不眠のキモチ

現在1時過ぎ。睡眠時間少ないにも関わらず元気。
眠気はある。んだけど遊離していて体に来ない。
風呂に入るなどは面倒で、何をしようというわけでも無いんだが、横になってもすぐ起き上がってしまう。まるで職場の入居者の如し。
そうか、もしかしたら夜間10分毎に起きて来る人達の中には、こんな感じの人が居るのかも。
などと変に共感してみたりする。
原因は何なのだろうと考えたりしていたが、レベルに因りこそすれそんな物は無いのかもしれん。

昼夜逆転・不眠は痴呆を促進させるとか。
だから昼間はやっきになって覚醒を促し、夜の良眠を確保しようとする。
やれレクリエーションだ歌だ散歩だお喋りだ。起きろ動け目を覚ませ。
夕食が終われば「眠いねー」「疲れたねー」と暗示を掛ける。人によっては布団が温まるまで傍に居る。

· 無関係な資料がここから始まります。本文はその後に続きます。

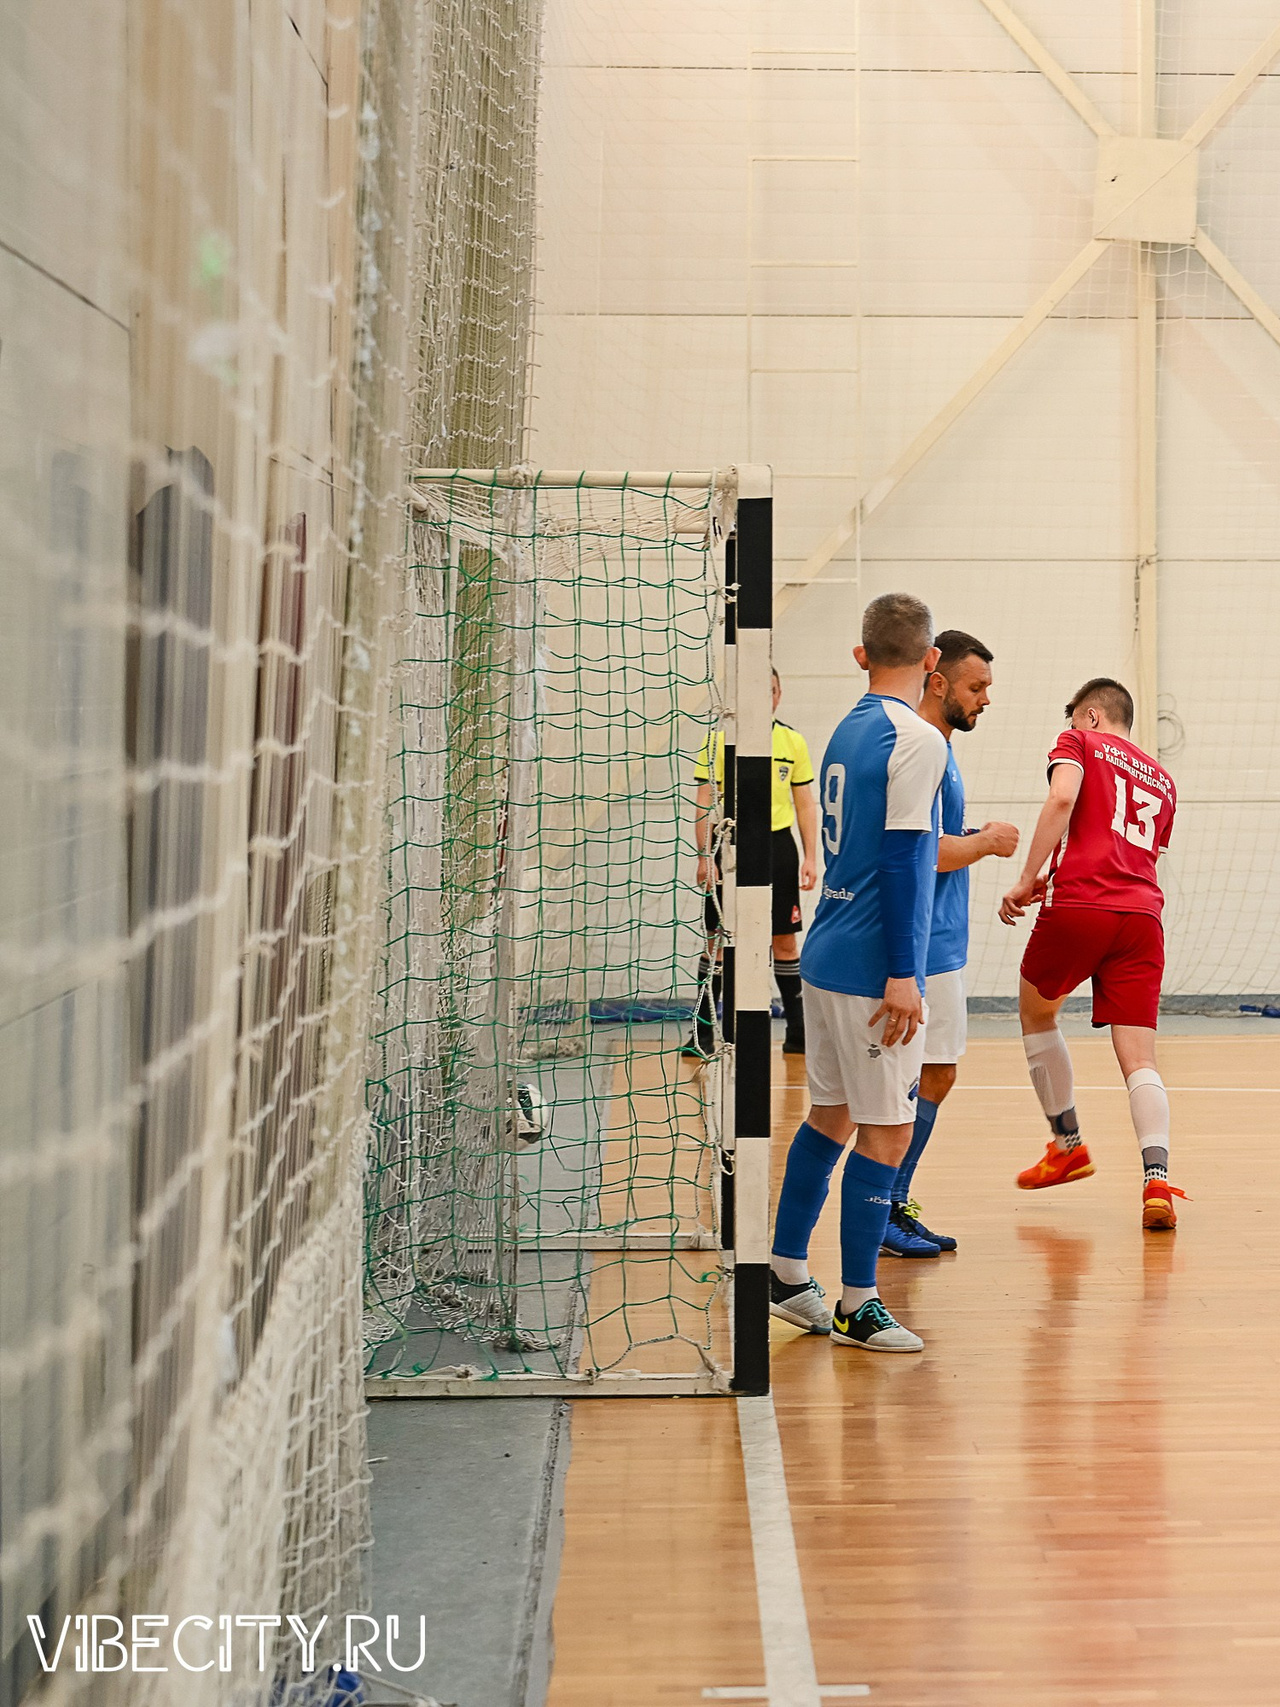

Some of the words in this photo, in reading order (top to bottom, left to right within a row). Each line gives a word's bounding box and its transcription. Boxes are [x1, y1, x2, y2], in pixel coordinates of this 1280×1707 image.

[1101, 742, 1128, 762] УФС
[1131, 757, 1155, 776] ВНГ
[1158, 771, 1172, 790] РФ
[823, 763, 846, 856] 9
[1111, 773, 1163, 852] 13

眠剤は、自立歩行者や徘徊常習者には使えない。強制的な眠気により足元がふらつき、転倒などの危険性が有るからだ。
如何に日中穏やかに過ごして頂くか。如何に落ち着いて眠りに着いて頂くか。もし日中に不穏があったのなら、それをどうほどくか。引き擦らせないか。
手腕が問われる。


「あだし、どうしたらいっかなぁー」
ベッドに起き上がりワーカーに首を向けるA氏。独歩で転倒し骨折した既歴を持ち、歩行には介助を要す。
「夜だよ、寝ていいんだよ。今日は疲れたっしょ」
「そかなぁー」
そして十数分後
「起ぎよっかなぁー」
「夜中だ夜中。横になんなよ。布団が冷めちまうぜ?」
「そかなぁー」
四半時の後、布団を剥いでいるA氏。
「起きてるの?」
「なんだかさぁー、気になっちゃってさぁー」
「そっか。なんだろね」
「なんだがなぁー、わっがんねんだけんどもさぁー」
「んじゃ、便所でも行ってみっか」
「そだなぁー」

そんなことが繰り返されて夜が明ける。
日によって1時間毎だったり15分毎だったり。
あまりにも頻回な場合はステーションでお茶など飲んでいただく。でも10分もすれば
「寝よっがなぁ、部屋行くよあたし」。
逆に2時間起き上がらなければ逆に心配になって呼吸を確かめてしまう。オン年92歳。
間あいだの眠りは深いので、それがA氏のパターンなんだろう。
そしてA氏の“朝”は早い。
4時にもなればもう5分毎の騒ぎじゃない。歩行が不安定なので要介助なんだが、他の入居者の対応をしている内に歩き始めてしまう。よって、適当な時間に起きて頂き、フロアで座って頂く事になる。
他に誰も起きていない中で待たせすぎると部屋に戻ろうと歩き出すから、その時間の見極めが難しい。
まるでゲームみたいだな。と思ってみたりする。

外が暗かろうと明るかろうと、他の人が何をしていようと、そんな事は関係が無い。
眠く無いものは眠く無いし、寝られないものは寝られない。
それぞれの生活スタイルがあるはずなのに、痴呆度が高ければ高いほど、問題行動が多ければ多いほど、規格のサイクルに押し込められる。
「私は無理やり起こされて、なんであの人は寝てて良いの」
「何であの人は部屋で食べてるの」
「どうしてこんな時間にご飯食べなきゃならないの」
さてさて、その説明説得の難しさよ。
その時は渋々了解してくれたって、場面が変わるまで繰り返される同じ疑問。

施設だから。
団体生活だから。
そんな事は入居者の知った事では無い。
「家に帰りたいよー」
これを言わせてはならない。


体がモゾモゾして落ち着かない。横になっても眠れない。
それなら起きていよう。
ってのが出来るのは、自分が施設に居ないから。
夜中に何をしていようと、誰に影響があるわけじゃ無し、転んだら大変とワーカーがすっ飛んで来るわけでも無いから。

がんじがらめの10年と、自由気ままな1年。
本人の希望と、周囲の意向。
自分は未だ、どちらを信条にすべきなのか判らない。